> _Material for the task_:
━━━━━━━━

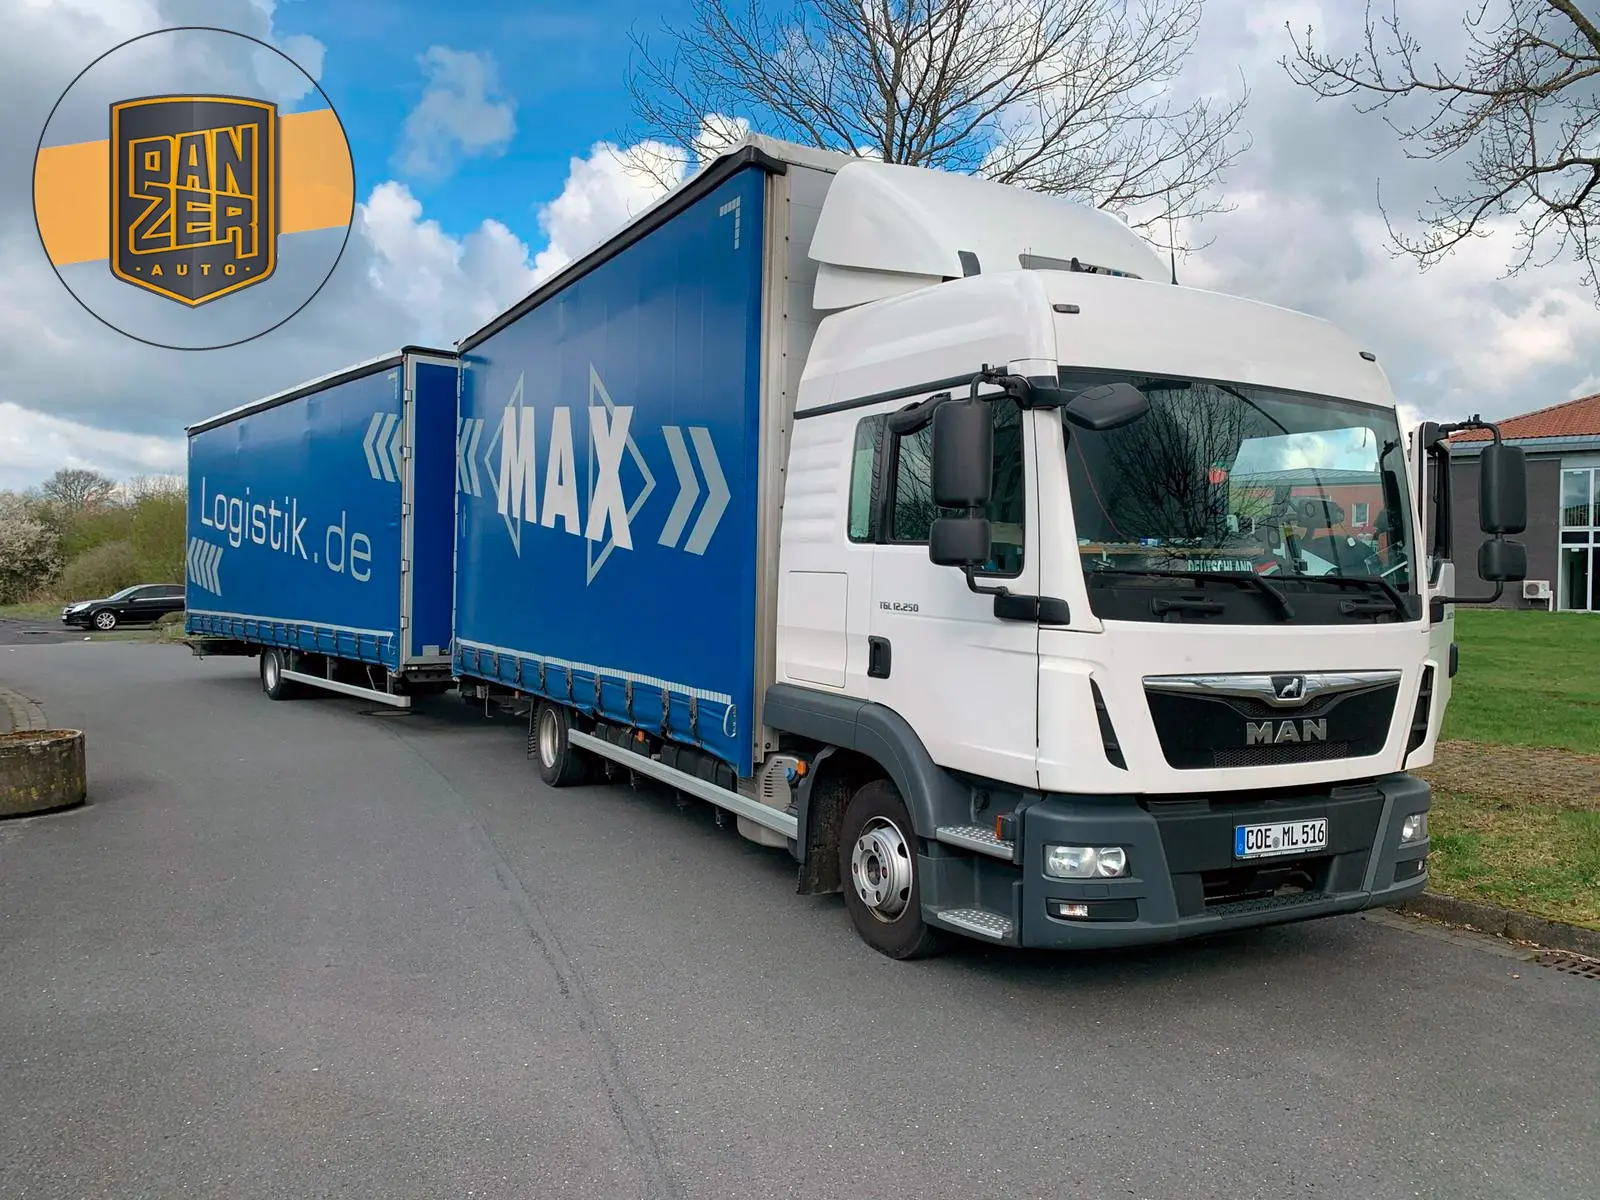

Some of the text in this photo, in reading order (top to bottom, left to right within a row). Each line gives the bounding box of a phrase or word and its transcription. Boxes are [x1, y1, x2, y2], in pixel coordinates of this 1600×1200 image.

[497, 405, 634, 550] MAX
[880, 601, 919, 612] TGL 12.250
[1246, 718, 1327, 745] MAN
[1246, 823, 1324, 850] COE ML 516

━━━━━━━━

> _Exercise goal_: With the pictures omitted, the material is to be transcribed exactly.

> _Output of the task_:
Some of the text in this photo, in reading order (top to bottom, left to right within a row). Each line gives the bounding box of a phrase or word and its transcription. Boxes are [x1, y1, x2, y2], in pixel coordinates of this 1600×1200 image.

[497, 405, 634, 550] MAX
[880, 601, 919, 612] TGL 12.250
[1246, 718, 1327, 745] MAN
[1246, 823, 1324, 850] COE ML 516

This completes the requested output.